Choose the most appropriate number for each situation:
0 = would never doze
1 = slight chance of dozing
2 = moderate chance of dozing
3 = high chance of dozing
| Activity | Score |
| Sitting and Reading | _____ |
| Watching TV | _____ |
| Sitting, inactive in a public place (theater, meeting, etc.) | _____ |
| As a passenger in a car for an hour without a break | _____ |
| Lying down to rest in the afternoon when circumstances permit | _____ |
| Sitting and talking to someone | _____ |
| Sitting quietly after lunch without alcohol | _____ |
| In a car, while stopped for a few minutes in traffic | _____ |
| Total | _____ |
*A score of 9 or above indicates you may be having a problem with daytime sleepiness but below 9 does not necessarily mean that you don't have a problem. See your healthcare professional for advice if you snore, have been told that you awake gasping for breath or if you are sleepy during the day.

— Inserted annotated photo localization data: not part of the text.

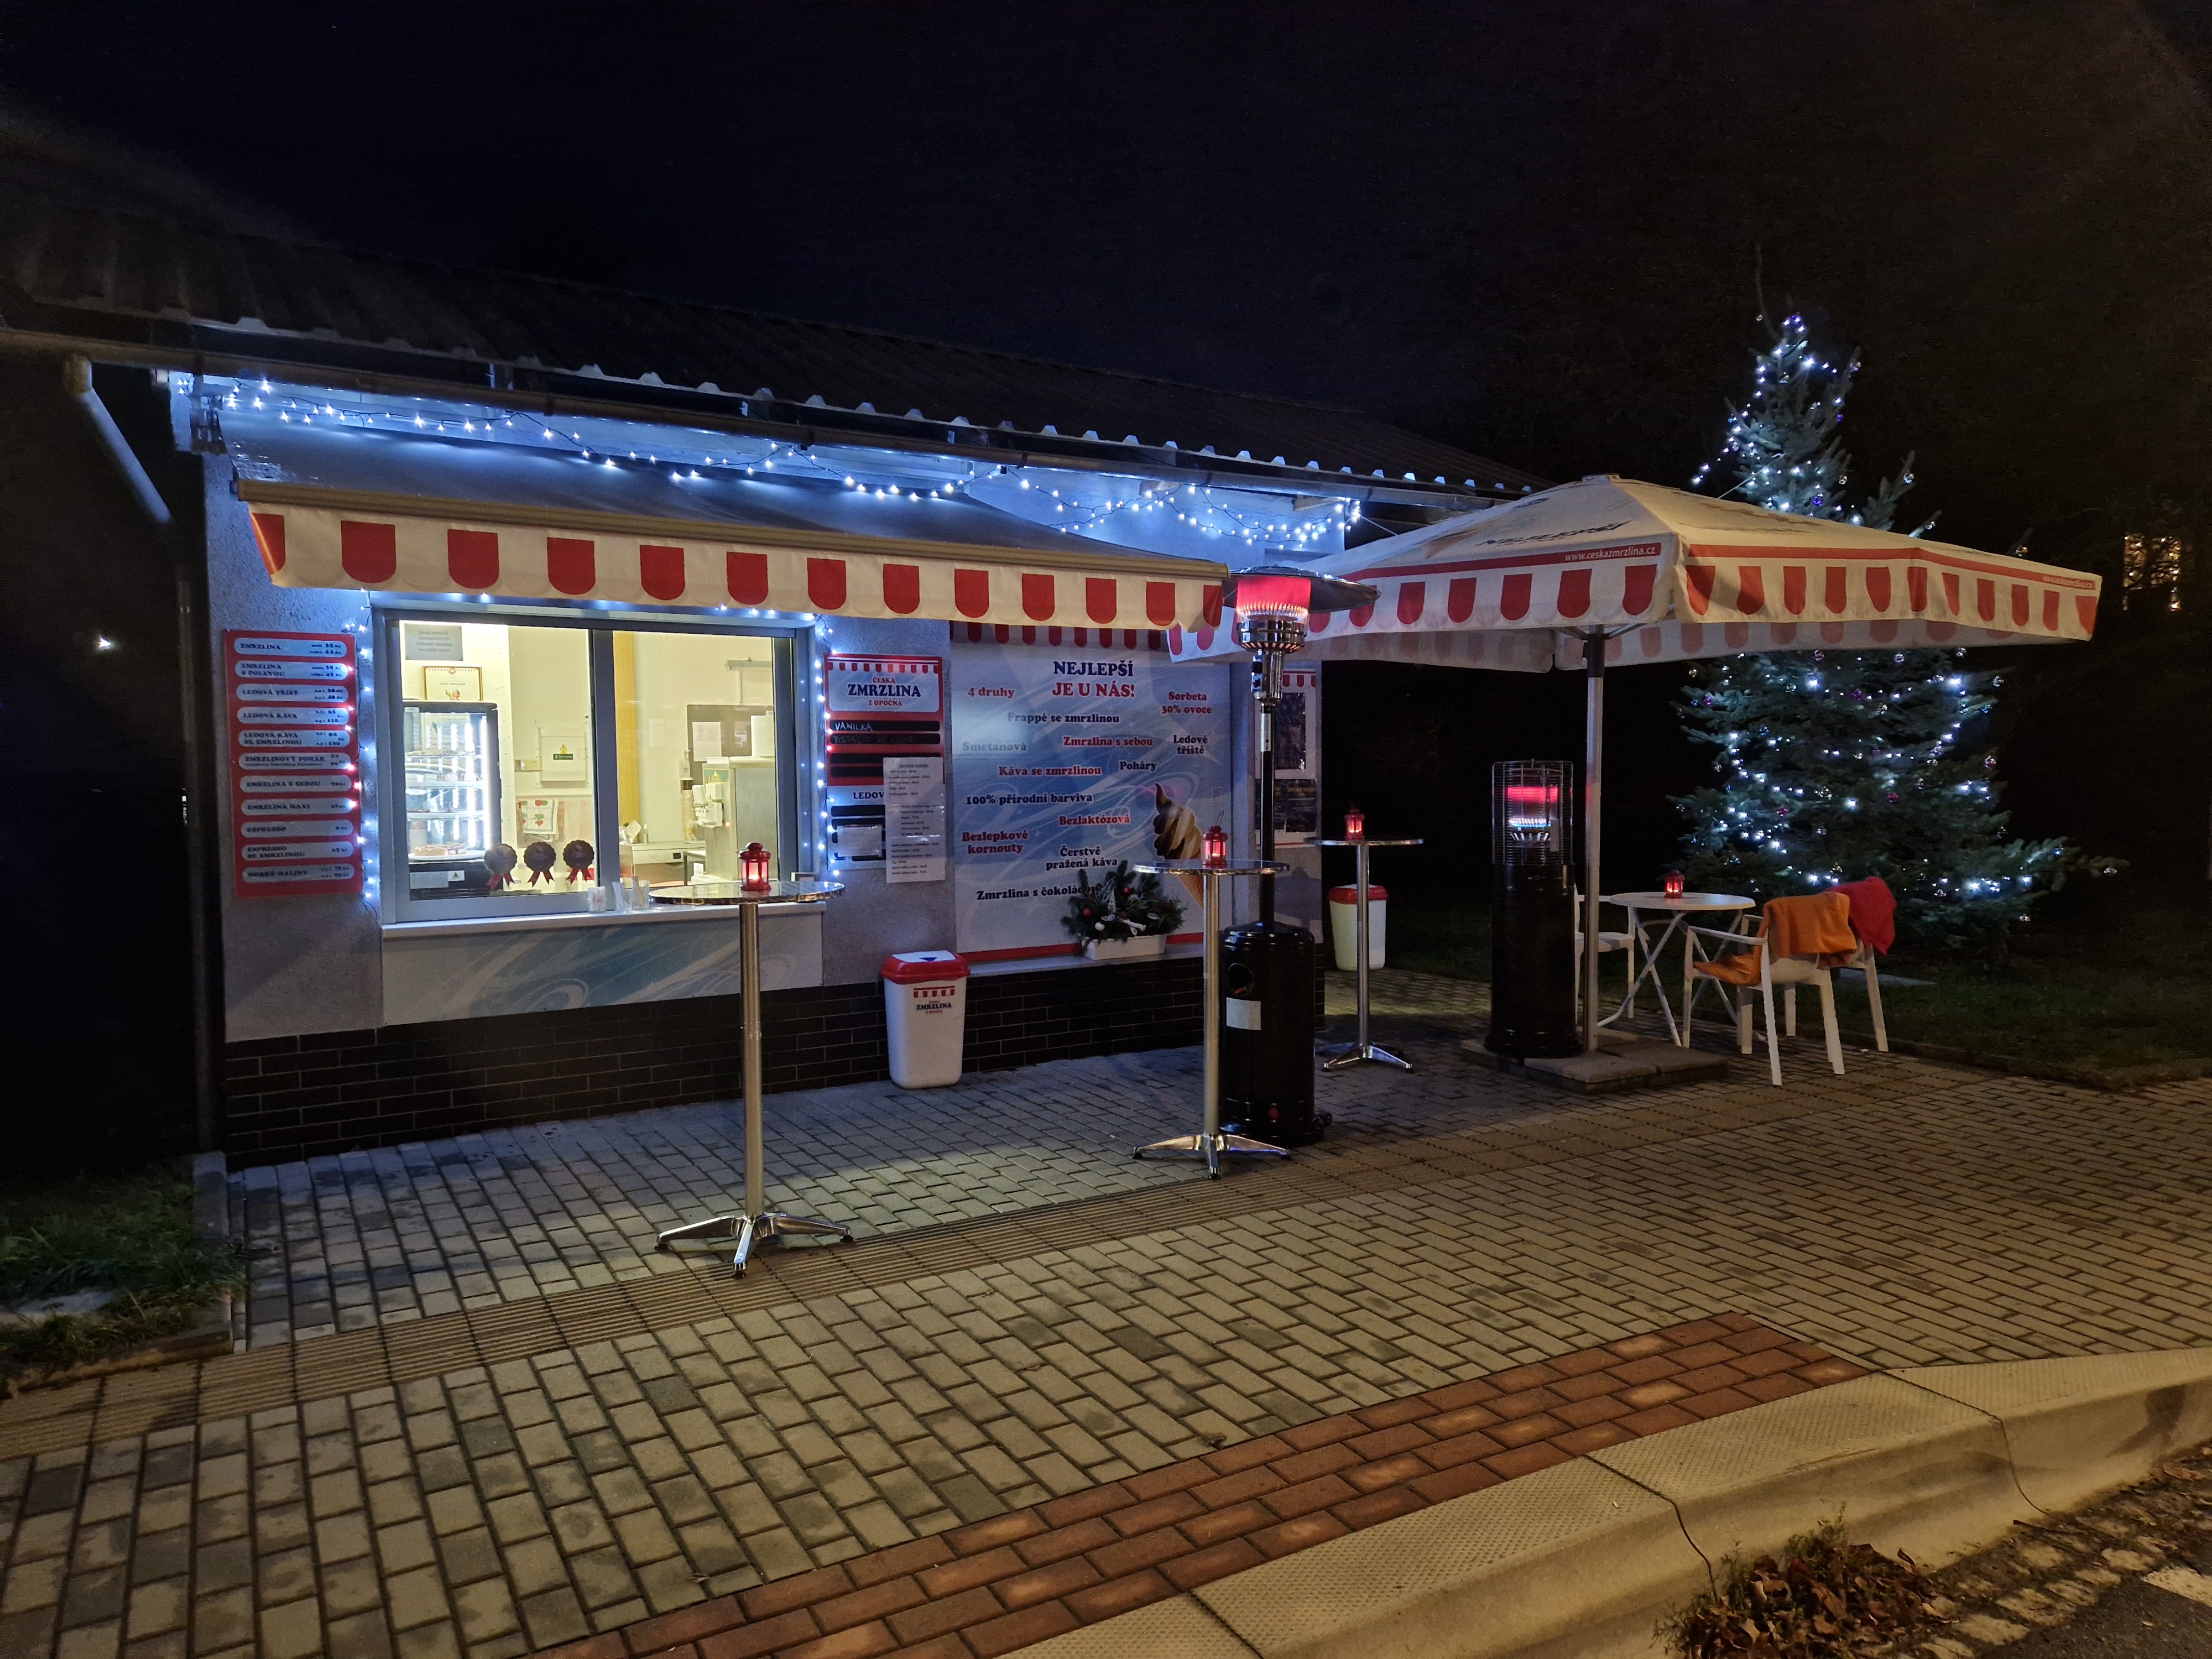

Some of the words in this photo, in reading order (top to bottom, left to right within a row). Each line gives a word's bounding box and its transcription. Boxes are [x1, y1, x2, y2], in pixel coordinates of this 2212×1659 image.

[1564, 546, 1656, 561] www.ceskazmrzlina.cz
[1053, 660, 1134, 677] NEJLEPŠÍ
[872, 675, 896, 684] ČESKÁ
[847, 684, 921, 697] ZMRZLINA
[968, 687, 975, 697] 4
[978, 687, 1015, 699] druhy
[1052, 682, 1074, 696] JE
[1078, 682, 1091, 697] U
[1095, 680, 1135, 697] NÁS!
[1168, 691, 1207, 701] Sorbeta
[1161, 705, 1181, 714] 30%
[1007, 712, 1047, 724] Frappé
[1050, 714, 1063, 723] se
[1065, 713, 1120, 723] zmrzlinou
[835, 722, 873, 732] VANILKA
[1063, 736, 1113, 746] Zmrzlina
[1124, 737, 1154, 746] sebou
[1173, 735, 1208, 744] Ledové
[962, 741, 1027, 752] Smetanová
[998, 766, 1027, 776] Káva
[1045, 765, 1102, 775] zmrzlinou
[1119, 760, 1157, 771] Poháry
[966, 795, 996, 805] 100%
[999, 793, 1047, 806] přírodní
[1051, 792, 1092, 802] barviva
[1058, 814, 1130, 826] Bezlaktózová
[962, 830, 1029, 842] Bezlepkové
[967, 843, 1024, 854] kornouty
[1060, 845, 1102, 857] Čerstvě
[1046, 858, 1089, 871] pražená
[1092, 857, 1118, 867] káva
[977, 889, 1030, 900] Zmrzlina
[916, 1002, 952, 1010] ZMRZLINA
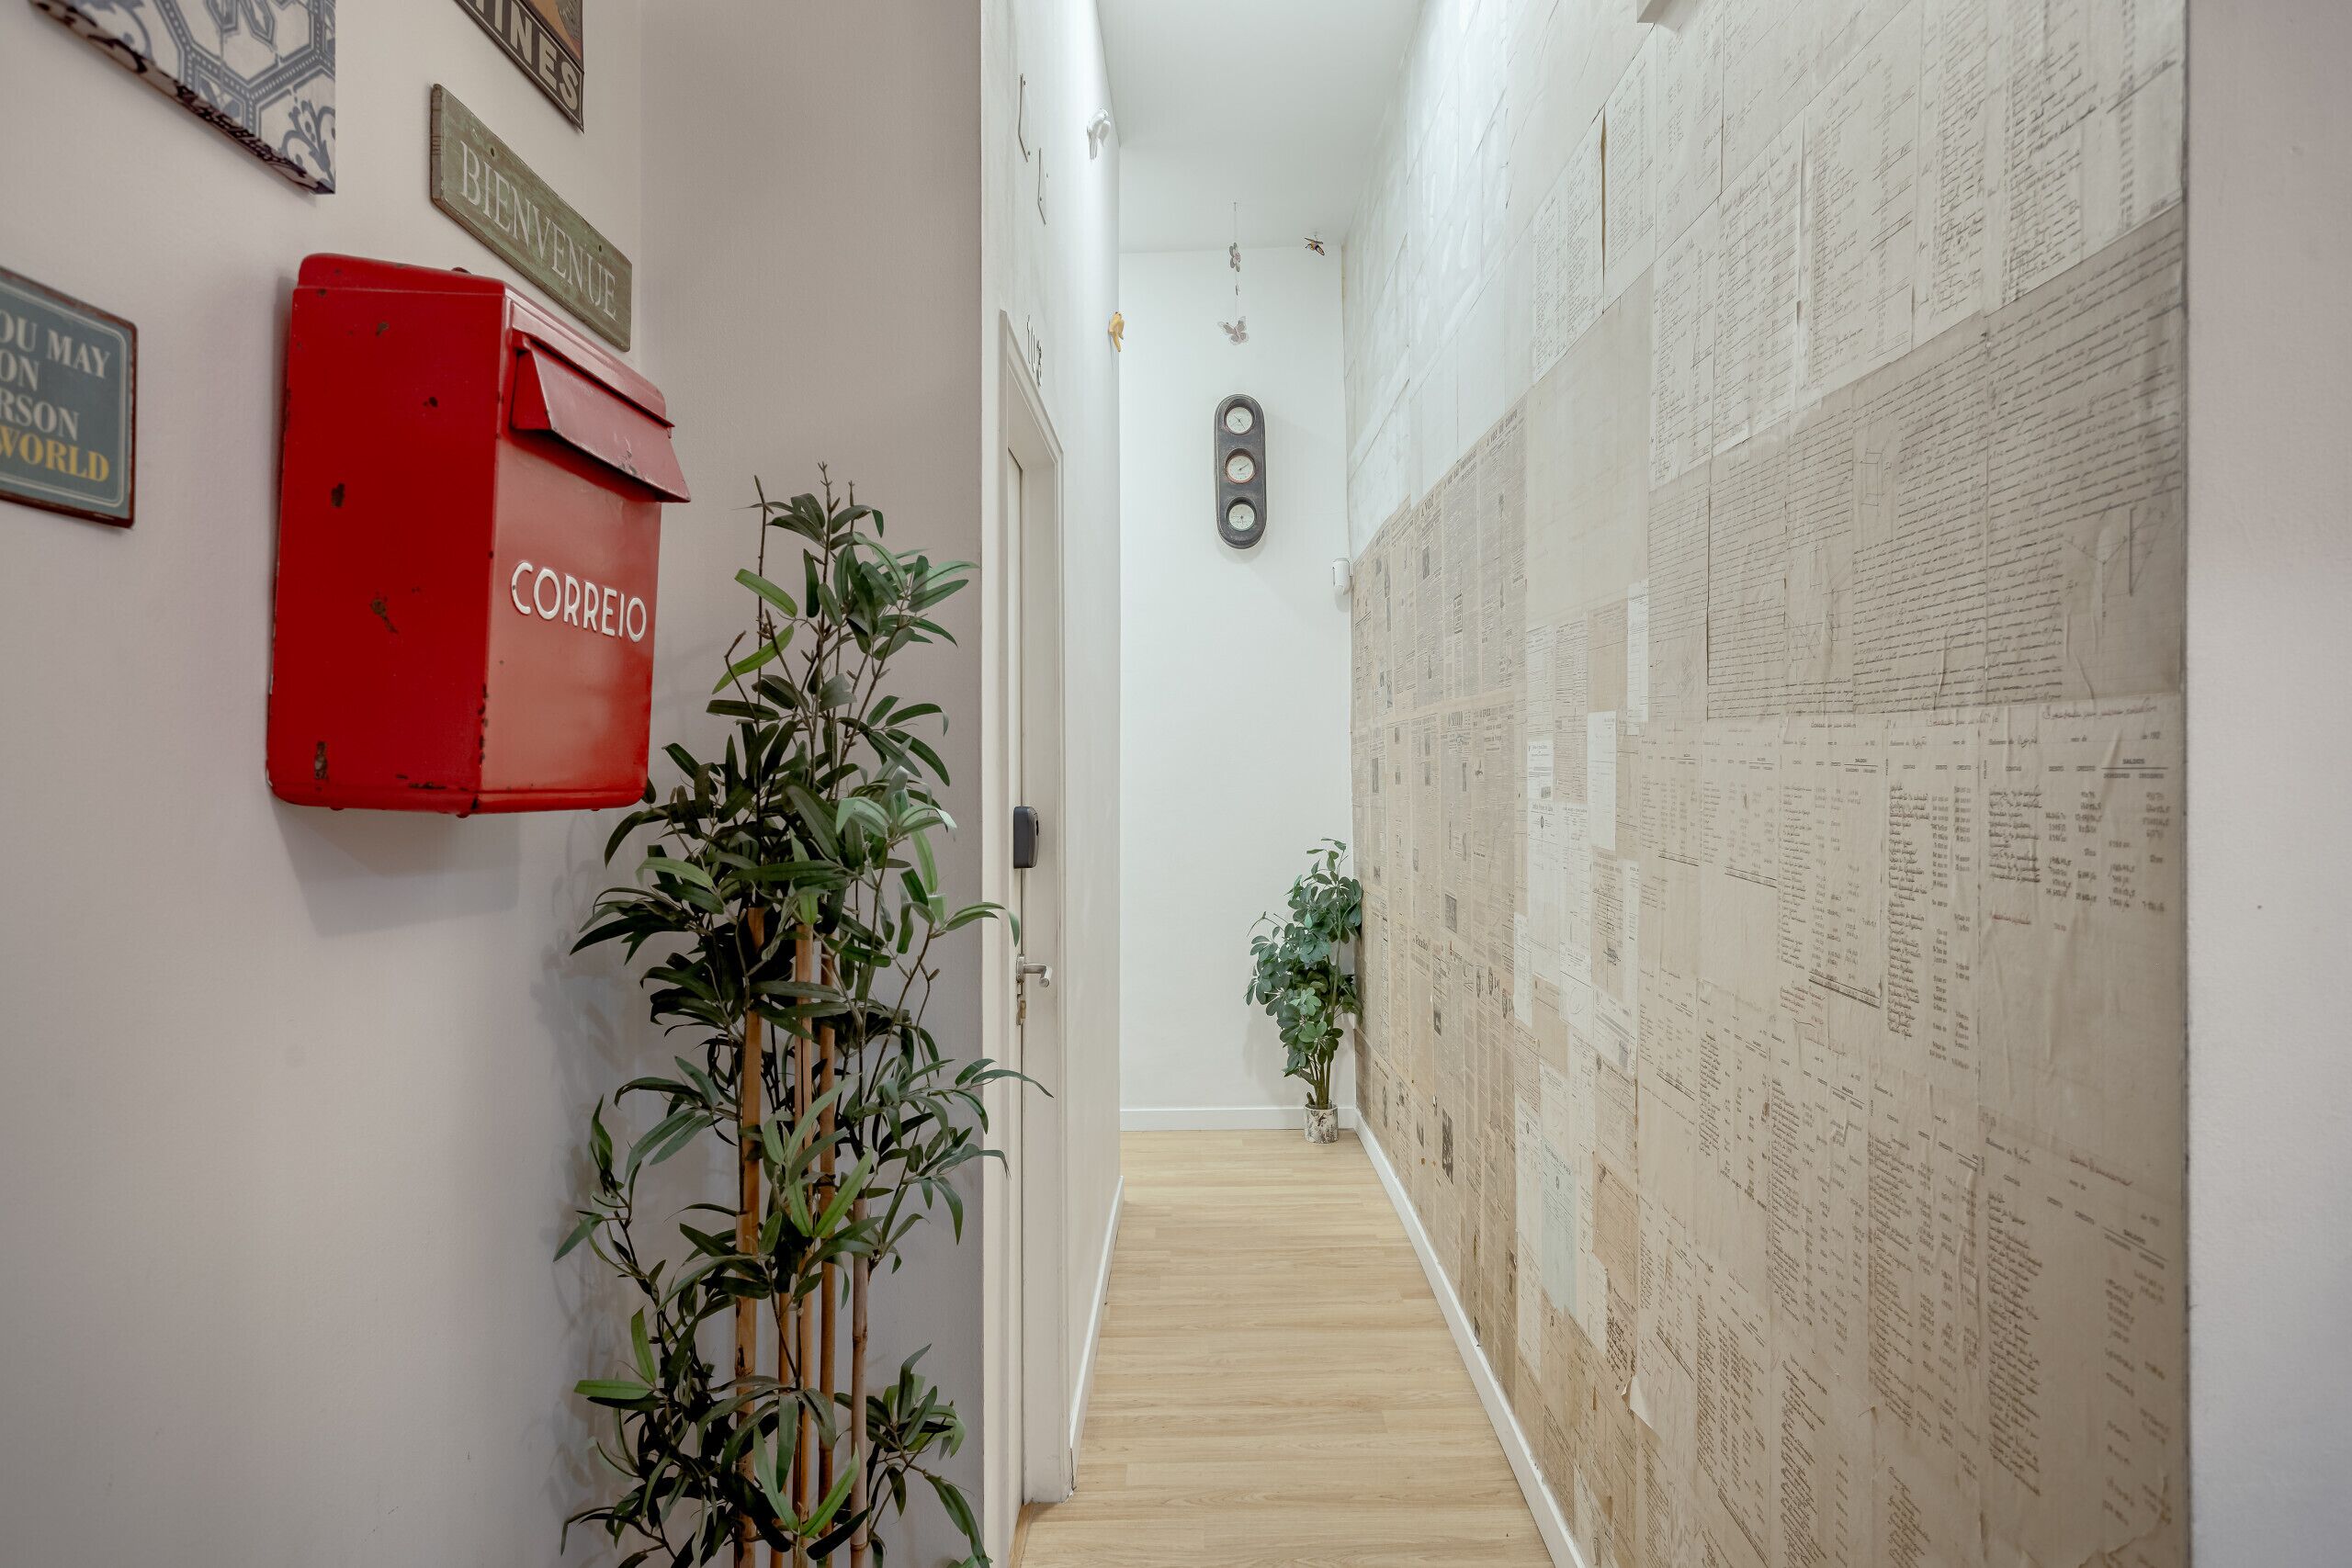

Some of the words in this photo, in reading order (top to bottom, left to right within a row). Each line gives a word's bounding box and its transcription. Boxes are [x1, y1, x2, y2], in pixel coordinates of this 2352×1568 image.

[475, 0, 579, 110] INES
[460, 141, 616, 321] BIENVENUE
[47, 329, 110, 379] MAY
[511, 561, 647, 642] CORREIO
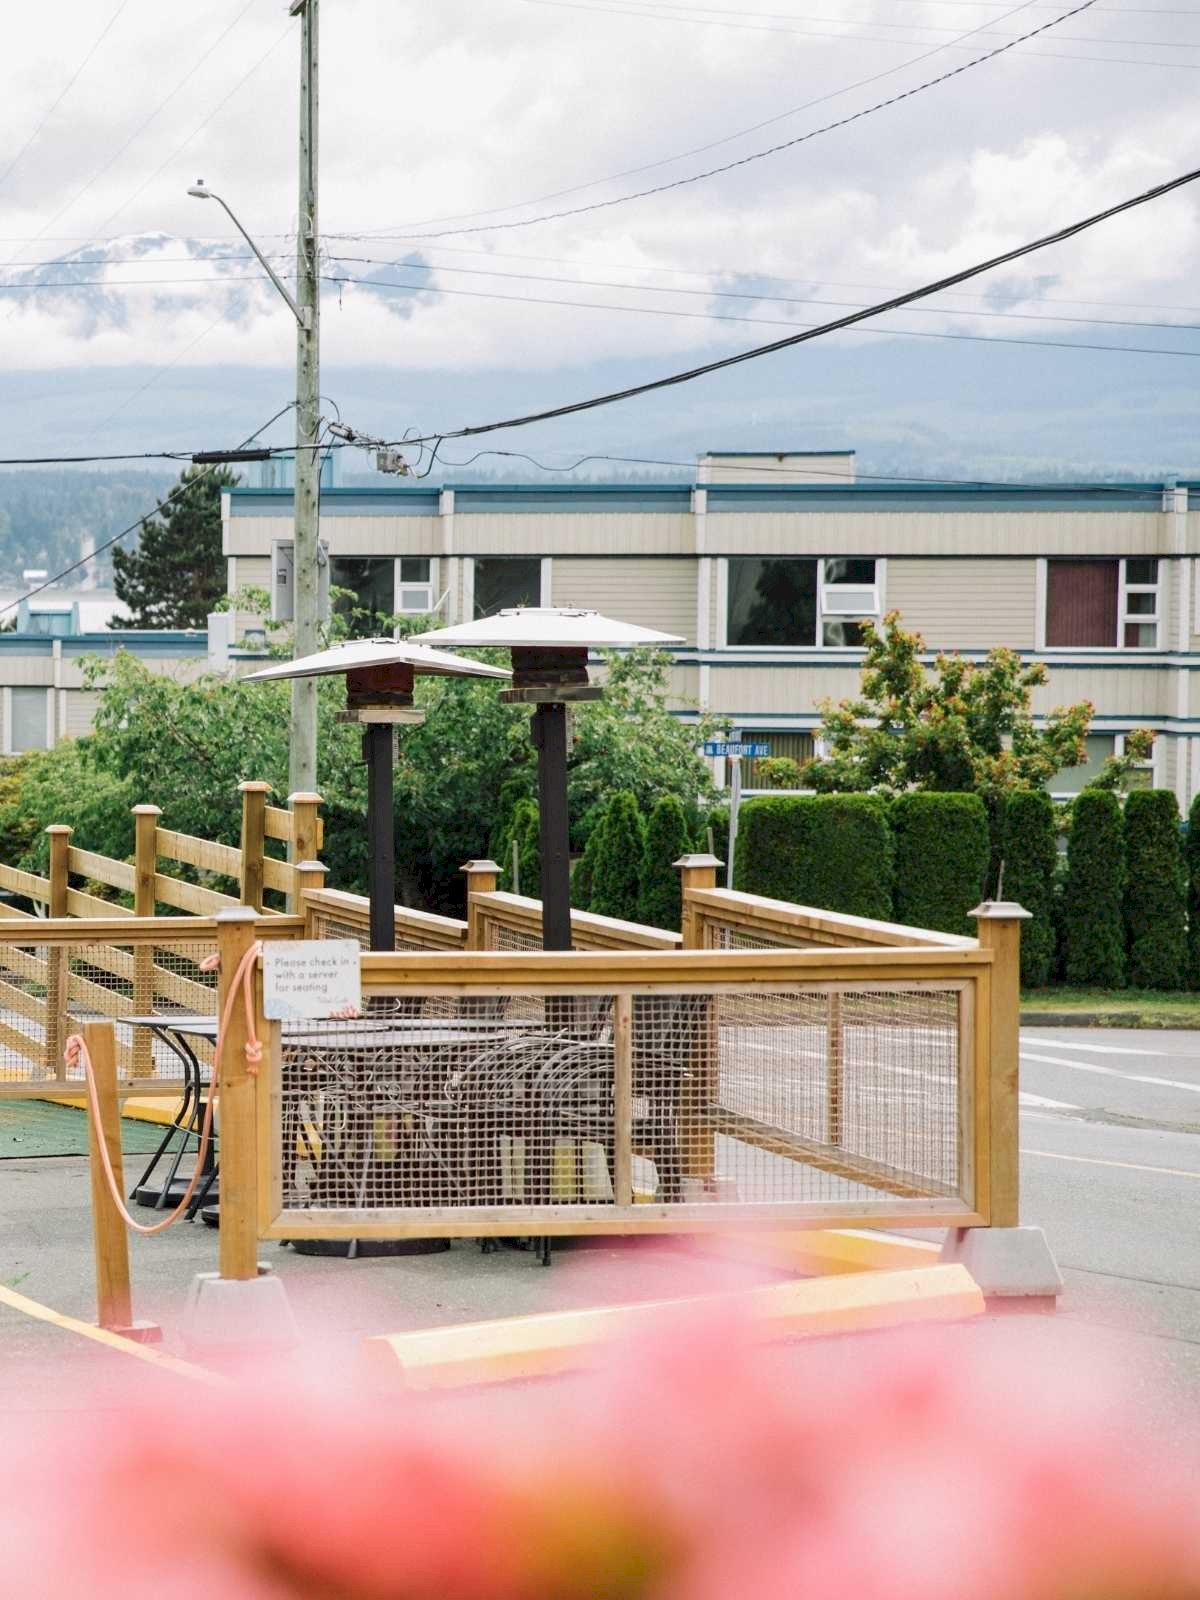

Sleep Observer Scale - Click to Download
The following questions relate to the behavior that you have observed in the patient while he/she is asleep. Use the following scale to choose the most appropriate number for each situation:
0=Never
1=Infrequently (1 night per week)
2=Frequently (2-3 nights per week)
3=Most of the time (4 or more nights per week)
| Observed Behavior | Score |
| Loud, irritating snoring | _____ |
| Choking or gasping for air | _____ |
| Pauses in breathing | _____ |
| Twitching / kicking of arms or legs | _____ |
| Snoring requiring separate bedrooms | _____ |
| Falling asleep inappropriately (example: while driving or at meetings) | _____ |
| Total | _____ |
*A score of 5 or greater indicates symptoms which are affecting the health, safety, or quality of life of the observed person.